For the Average Joe who was confused regarding headlines about GameStop and Wall Street and Reddit and short selling last week, we’re going to break it down for you as best we can. Disclaimer: We are not economists or market experts.
For background, GameStop is a brick-and-mortar store that sells, buys and trades videogames and gaming consoles. GameStop also has an online presence — like most retailers — but with the videogame world increasingly using internet downloads and streaming, there’s a decreasing market for physical games. In real world terms, think of GameStop as the gaming version of Blockbuster — and we know what happened to Blockbuster once Netflix streaming took off.
Then there’s Reddit. Reddit is an online forum with thousands of conversations on hundreds of topics. Users can share news or content as well as comment on other users’ posts. Subreddits are areas with Reddit dedicated to specific topics and all the related content. The GameStop stock drama originated on a subreddit called WallStreetBets, where individual investors encouraged — and continue to encourage — each other to buy GameStop stocks.
So what happened exactly? Well, word spread on WallStreetBets that large brokers and other Wall Street powerhouses were betting that GameStop stock would fall dramatically in value and decided to short sell the stock (more on this in a minute), which is to essentially bet against a business. That’s when the people of Reddit said “Not today, Wall Street,” and bought up the stock, sending prices skyrocketing.
Here’s how short selling works, using baseball cards as an example. You borrow a collection of not particularly valuable or rare baseball cards from someone with a bunch — in terms of stocks, usually a brokerage, but we’ll say your super-collector friend for our purpose — with the promise of returning an identical collection of cards by a set deadline — say, the end of the month. You then sell all those baseball cards, betting that the price for the cards will drop once you’ve sold them. Ideally, you’d buy them back cheaper. You return the cards you borrowed, but you get to keep the difference between the selling and buying price. If you sold 100 baseball cards for $1 each, you made $100. Then, you buy 100 cards later for 50 cents each, ultimately paying $50. You’d make $50 in profit (100 – 50 = 50).

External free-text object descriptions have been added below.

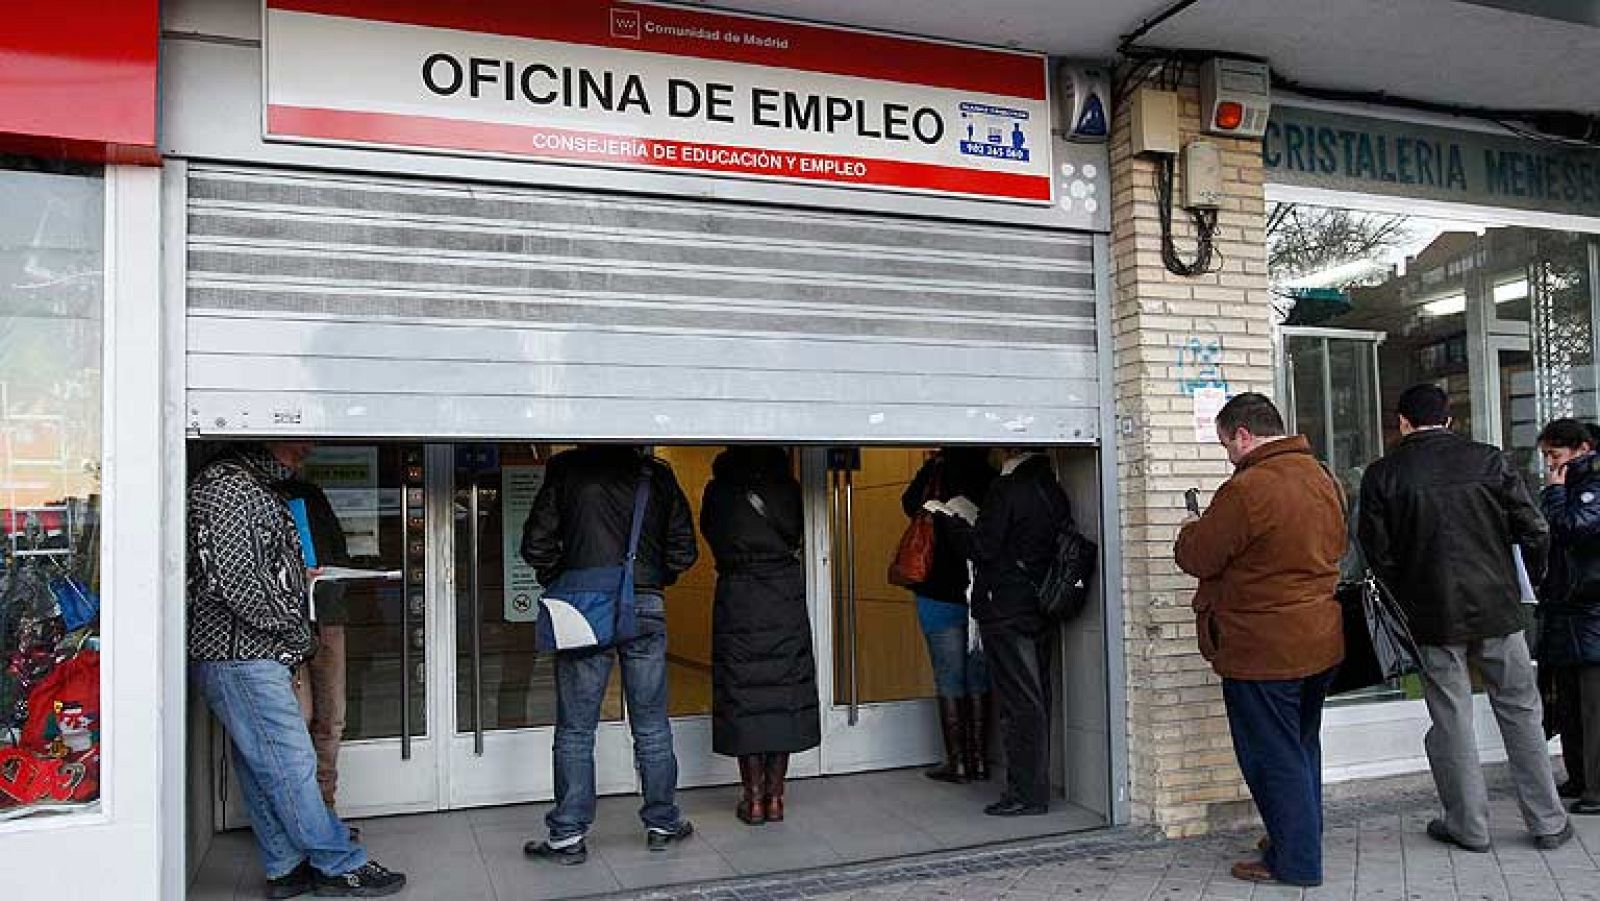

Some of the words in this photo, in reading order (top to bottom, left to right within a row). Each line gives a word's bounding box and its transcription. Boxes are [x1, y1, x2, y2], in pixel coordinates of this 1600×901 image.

[644, 21, 719, 42] Comunidad
[722, 31, 741, 44] de
[744, 32, 789, 49] Madrid
[421, 53, 652, 115] OFICINA
[668, 78, 734, 123] DE
[752, 87, 945, 145] EMPLEO
[532, 132, 648, 158] CONSEJERÍA
[654, 143, 677, 160] DE
[681, 145, 782, 170] EDUCACIÓN
[786, 155, 797, 171] Y
[800, 157, 867, 177] EMPLEO
[1262, 120, 1468, 192] CRISTALERIA
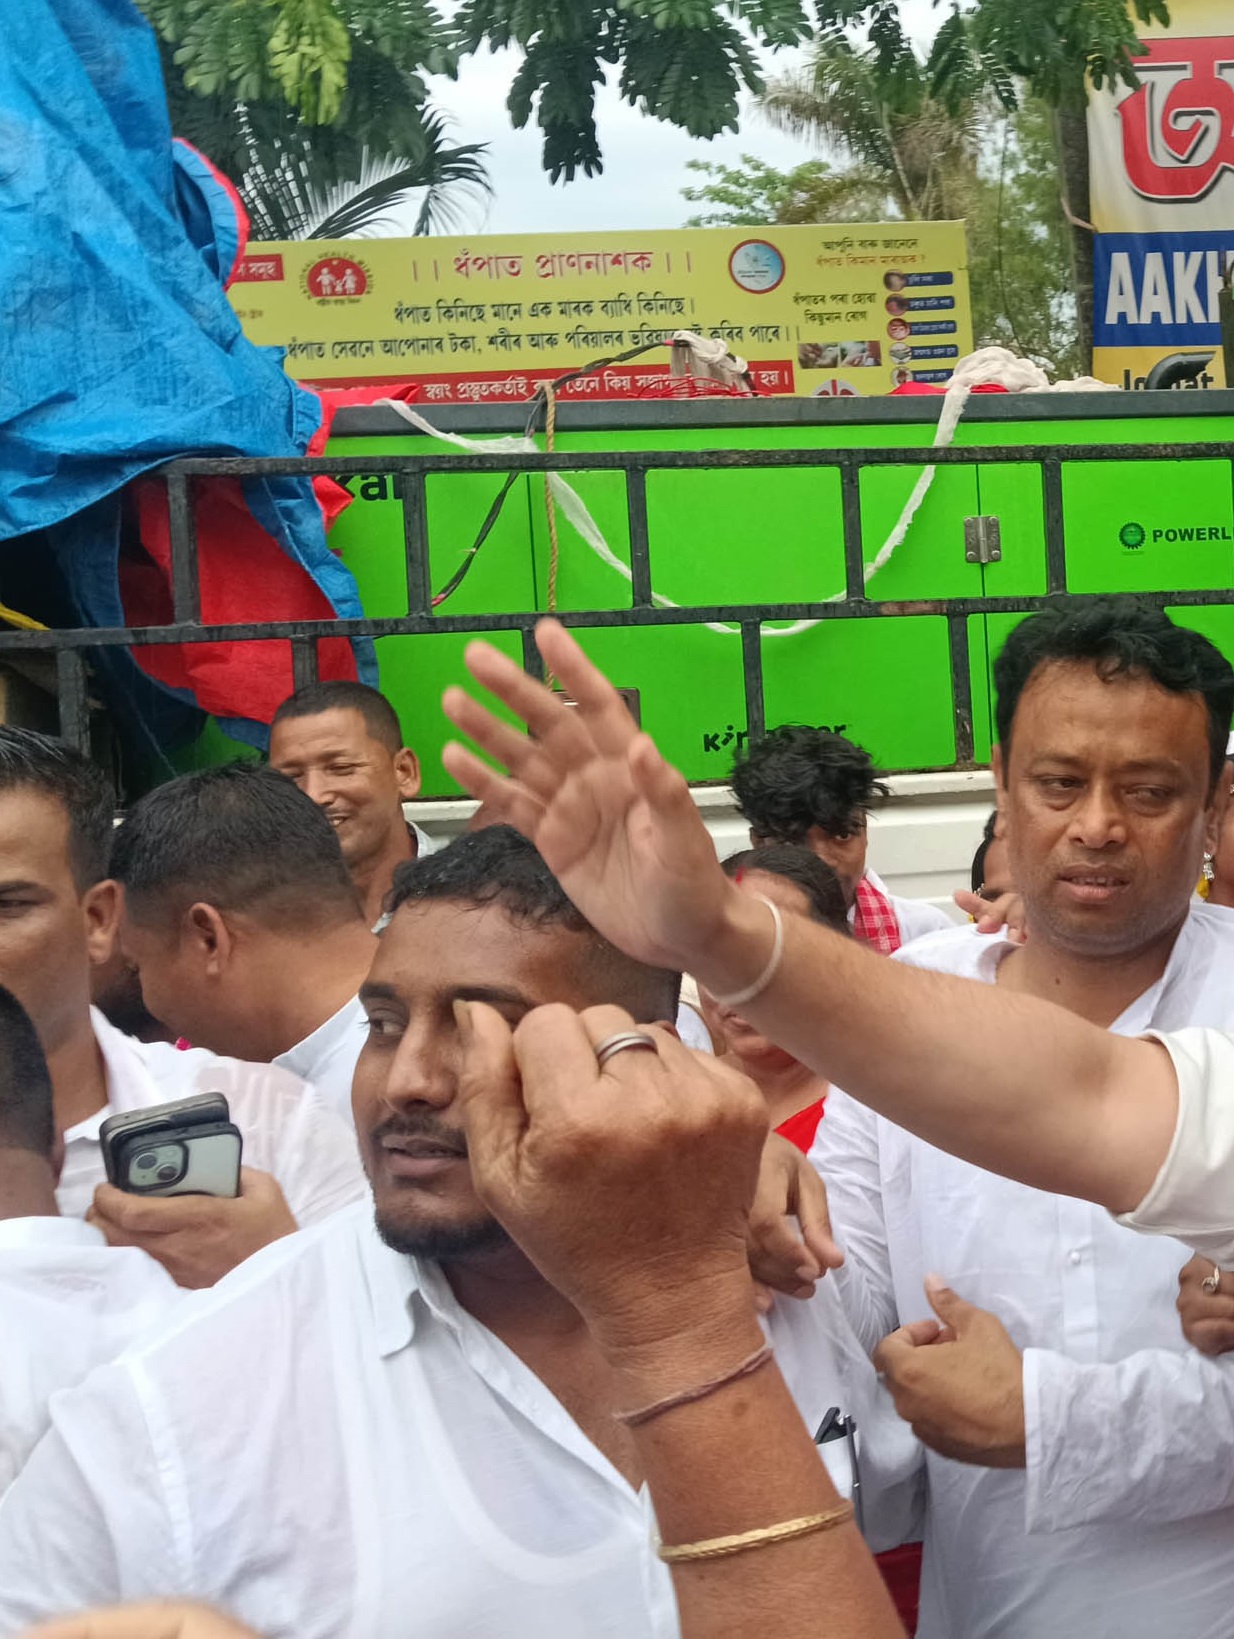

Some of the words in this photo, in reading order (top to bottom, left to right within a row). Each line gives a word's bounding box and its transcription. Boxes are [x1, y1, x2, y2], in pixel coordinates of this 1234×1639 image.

[535, 251, 654, 279] প্ৰাণনাশক
[436, 297, 486, 324] কিনিছে
[491, 303, 523, 322] মানে
[529, 302, 553, 319] এক
[637, 290, 686, 316] কিনিছে

But imagine that, instead, a group of baseball card collectors finds out you’re trying to make money buying and selling low-value cards and they don’t like it. So a bunch of collectors buy up those low-value cards. Each person can only afford to buy a few cards, but there are dozens of people doing this. The demand for the cards is now much higher than the supply, which drives up the cost of each card. But you still have to return 100 cards — identical to the ones you borrowed — to your friend by the end of the month, regardless of the current price. The cards you sold for $1 now cost $1.50 apiece. After buying 100 cards to return to your friend, you’ve lost $50 (100 – 150 = -50).
Now imagine that on a scale of billions of dollars. For the financially savvy and the stock-market fluent, there are far more intricacies, such as exact percentages of stock value rise and fall, and day trading vs. after-hours trading, and the big question of what will happen when GameStop’s artificially inflated stock falls again. But for the rest of us, all you need to know is internet users are trying to troll Wall Street and — for the moment at least — succeeding.